- _Assignment_
Transcribe every line of the material below exactly, leaving out the pictures.

- _Given records_
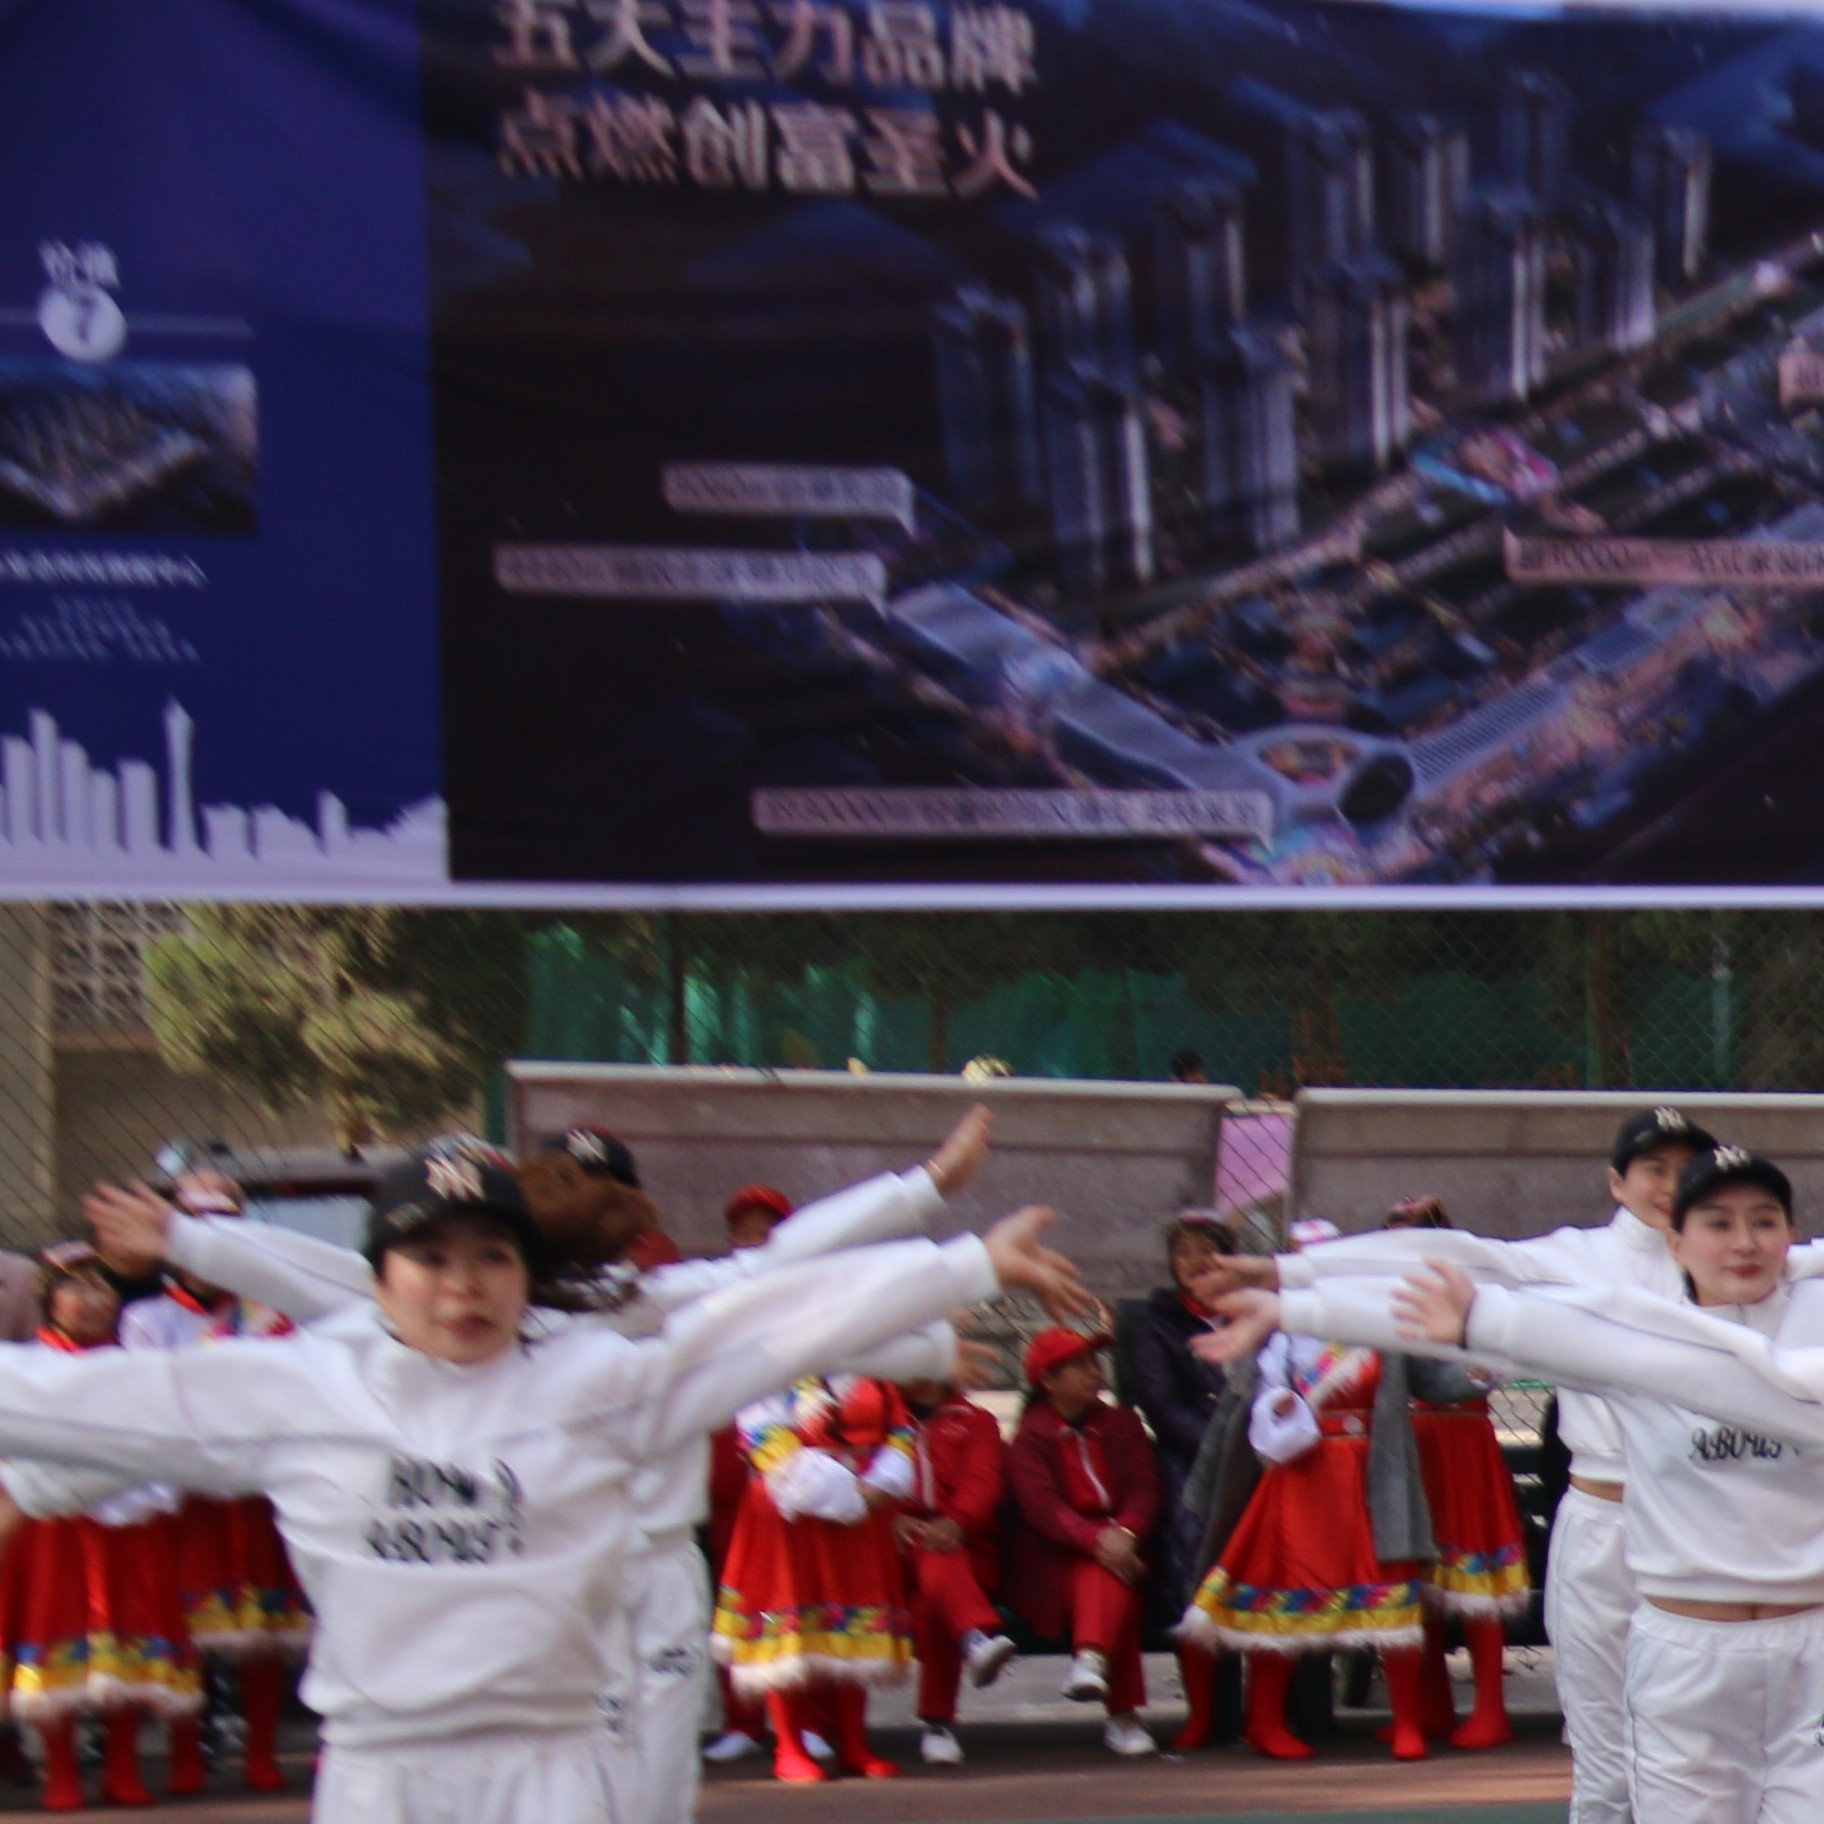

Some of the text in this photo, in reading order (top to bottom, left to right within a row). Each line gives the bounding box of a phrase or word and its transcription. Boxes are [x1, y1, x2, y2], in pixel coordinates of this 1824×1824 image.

[492, 0, 1037, 96] 五大主力品牌
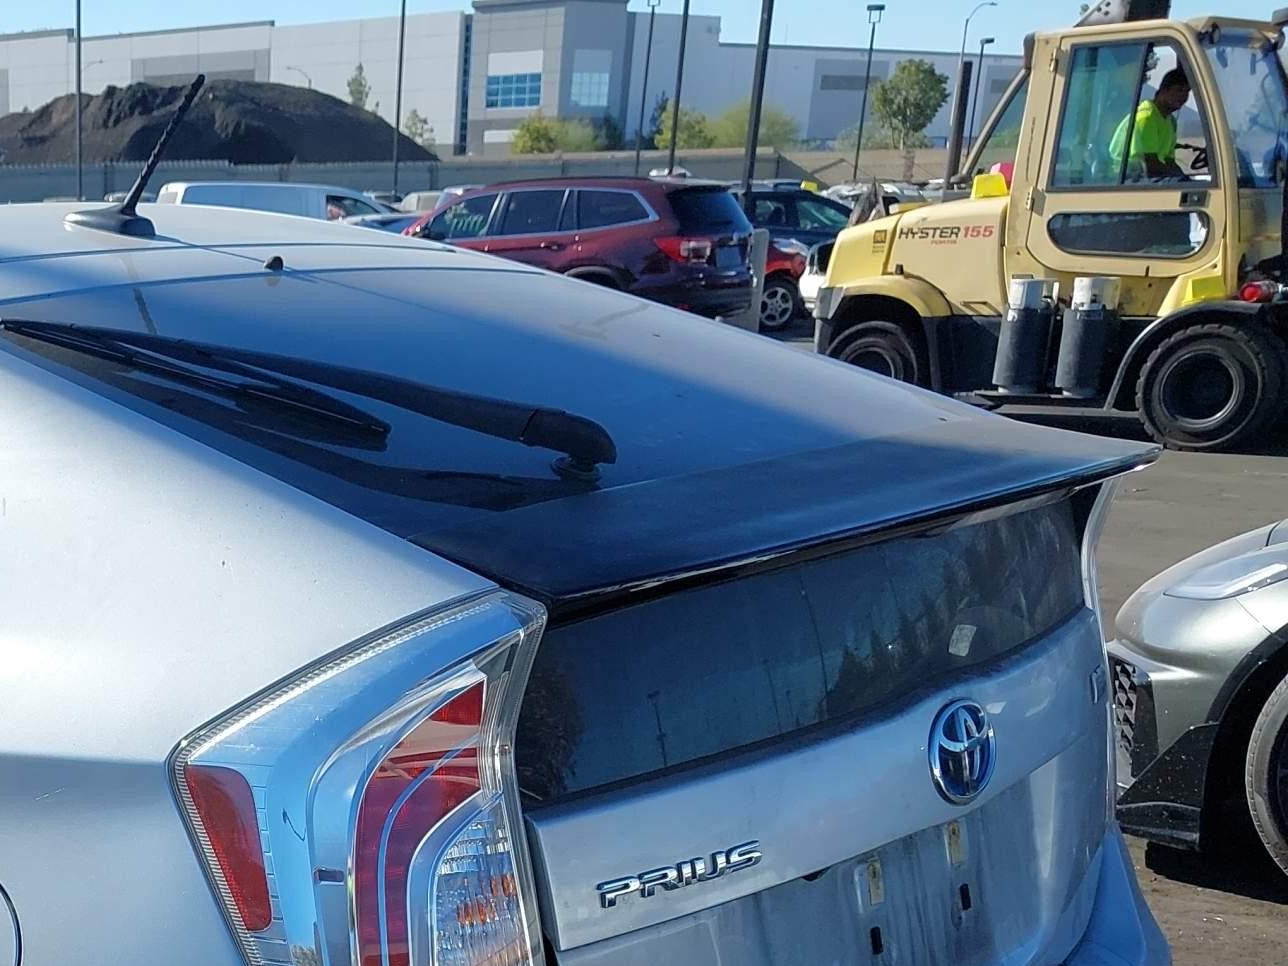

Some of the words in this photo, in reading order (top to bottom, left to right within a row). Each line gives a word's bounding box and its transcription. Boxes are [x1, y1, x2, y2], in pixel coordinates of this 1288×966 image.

[898, 226, 961, 240] HYSTER
[963, 225, 995, 239] 155
[596, 839, 763, 910] PRIUS
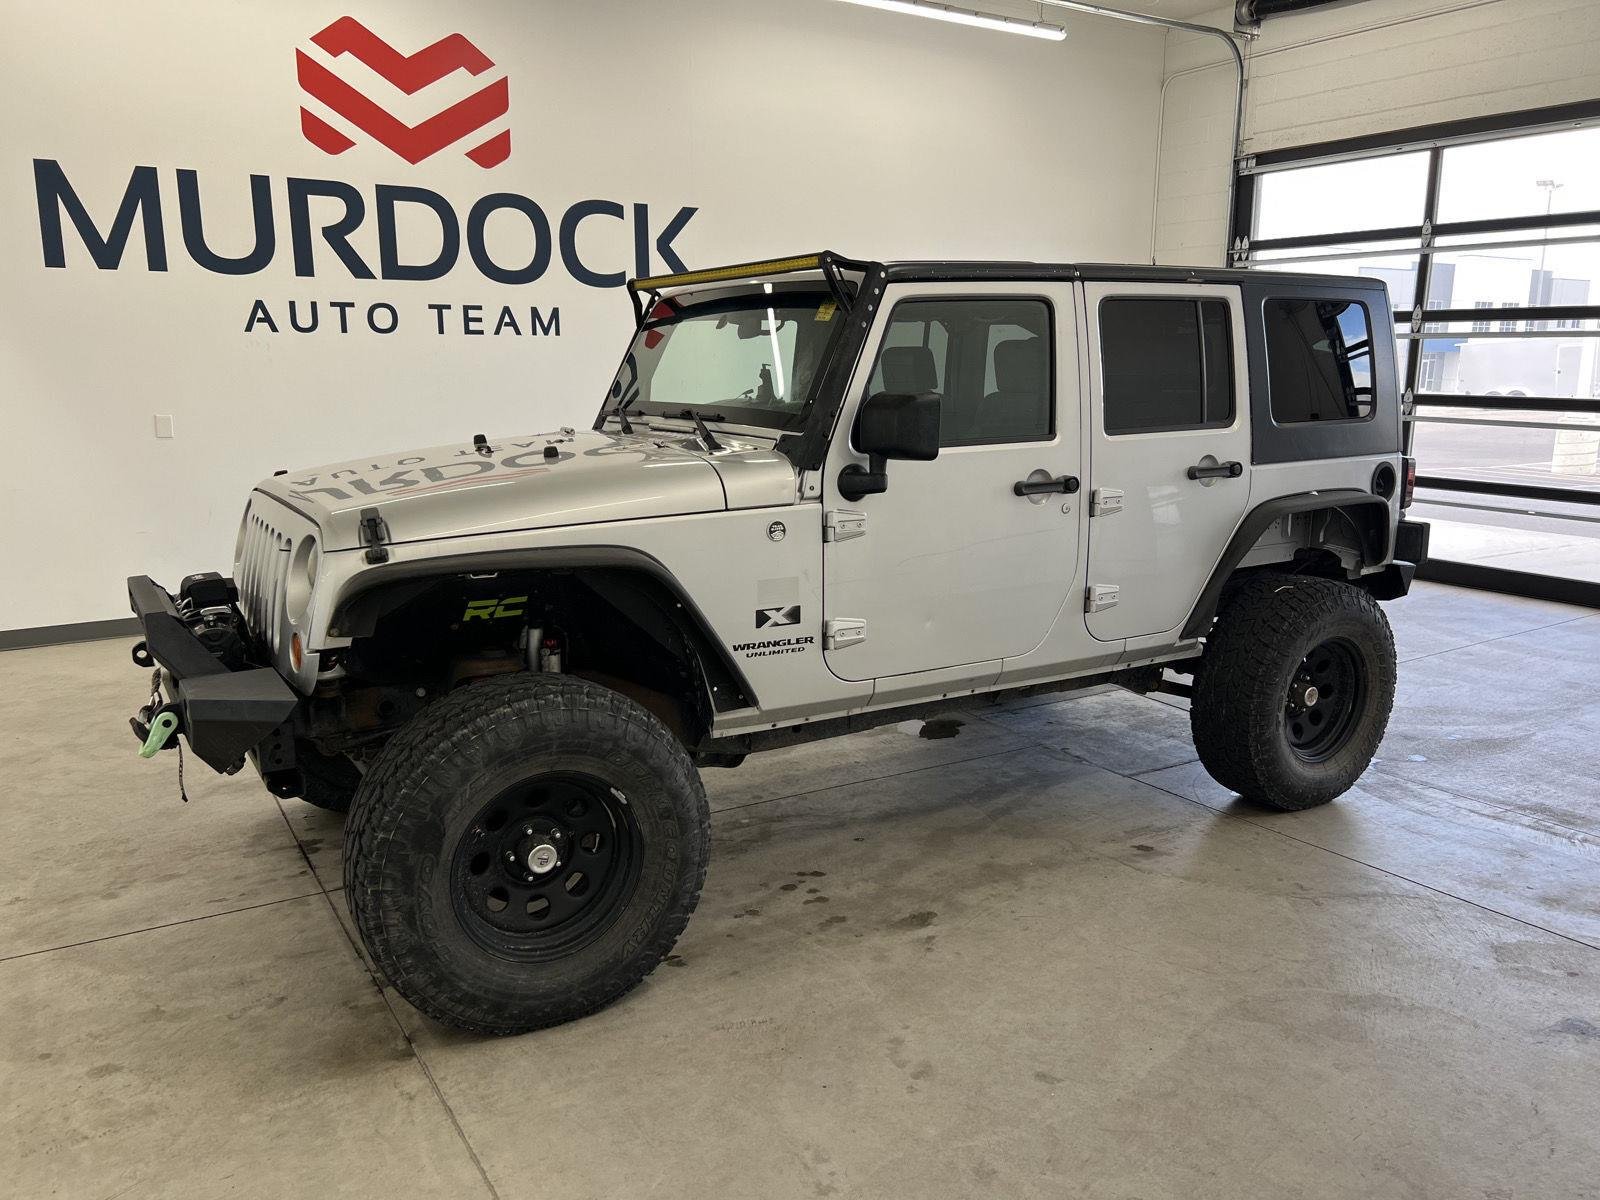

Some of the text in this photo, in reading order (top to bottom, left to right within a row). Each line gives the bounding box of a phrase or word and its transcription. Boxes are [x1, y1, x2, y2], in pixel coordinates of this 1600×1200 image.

- _Reply to the exercise_
Some of the text in this photo, in reading order (top to bottom, left to right within a row). Each line gives the bounding box of a phrase or word and its transcription. Boxes are [x1, y1, x2, y2], in pixel coordinates of this 1824×1824 image.

[492, 0, 1037, 96] 五大主力品牌

Some of the words in this photo, in reading order (top to bottom, left to right within a row). Each line gives a word's bounding box and its transcription. Boxes are [x1, y1, x2, y2], in pixel coordinates of this 1288×966 image.

[898, 226, 961, 240] HYSTER
[963, 225, 995, 239] 155
[596, 839, 763, 910] PRIUS

Some of the text in this photo, in reading order (top to bottom, left to right within a row). Each line gives the bounding box of a phrase or word and its transcription. Boxes are [x1, y1, x2, y2], in pixel coordinates of this 1600×1200 image.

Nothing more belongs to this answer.